Once the main story kicks off with Teresa's introduction, they're quickly "Jason Bourne-ing," as Peter calls it, to places like Monte Carlo, Switzerland, and Cairo. 

As a fan of the show Archer, Monte Carlo was easily my favorite destination. It took a few minutes to confirm, but someone somewhere will rest easy knowing that Peter and Sterling Archer both don't know the first thing about Baccarat. At least they both clean up nicely. 

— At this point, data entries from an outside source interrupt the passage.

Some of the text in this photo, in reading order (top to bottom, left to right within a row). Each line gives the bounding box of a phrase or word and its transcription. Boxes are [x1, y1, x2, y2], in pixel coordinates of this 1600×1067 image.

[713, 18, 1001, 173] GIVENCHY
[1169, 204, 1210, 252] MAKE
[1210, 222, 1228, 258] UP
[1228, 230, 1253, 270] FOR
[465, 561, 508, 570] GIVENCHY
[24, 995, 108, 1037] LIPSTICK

Personally, I recommend "college rulesBlackjack. If you can't count cards, just be the last person dealt and pray only one deck is in use | Copyright 2014 Marvel

They're there to get information to lead them to their parents' safe house. They're nearly stopped by a villain named Cyclone, and I really like the way his suit is analyzed. Spider-Man figures out that this version of the character isn't a mutant, so it'll be quick work to basically tear out his battery pack. Still, it would've been nice if Teresa could've helped. The best parts of this story, dealing with this relationship and their relationship with their parents, is where the writing does have some hiccups. 

We only get to experience so much of these these two learning about each other, and their mom and dad, because of the constraints of about a hundred pages. Shorthand dialogue about power and responsibility is well-used, but it still feels like a workaround because the plot has to keep powering through. Other times, it is a bit on the nose. The Monte Carlo contact tells the two that Richard Parker was a wisecracker, instead of it being shown in one of Waid and Robinson's flashback scenes. Yes, this stuff should be in there but in a less clunky way. Luckily, the buy-in of the sibling storyline doesn't really have this problem.

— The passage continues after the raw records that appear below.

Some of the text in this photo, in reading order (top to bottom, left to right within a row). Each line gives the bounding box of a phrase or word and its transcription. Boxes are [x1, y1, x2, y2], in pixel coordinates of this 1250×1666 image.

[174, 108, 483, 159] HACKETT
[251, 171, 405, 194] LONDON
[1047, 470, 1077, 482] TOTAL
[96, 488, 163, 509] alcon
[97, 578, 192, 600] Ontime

Since there's no time to do a DNA test or something, what Waid and Robinson come up with is that Teresa has a family photo and Peter's expertise as a photojournalist tell him that it's not doctored. Doubt is in the back of his mind and ours, but things are addressed well, and nothing about the story really feels cheap because of that doubt. A costume change for Spider-Man is handled similarly, and outside justification for that is the artists get to have more fun. It just works. And again, this part of the story is not the wildest thing to happen in comics, other pop culture, and everyday life. What is wild is that they meet The Kingpin in Cairo.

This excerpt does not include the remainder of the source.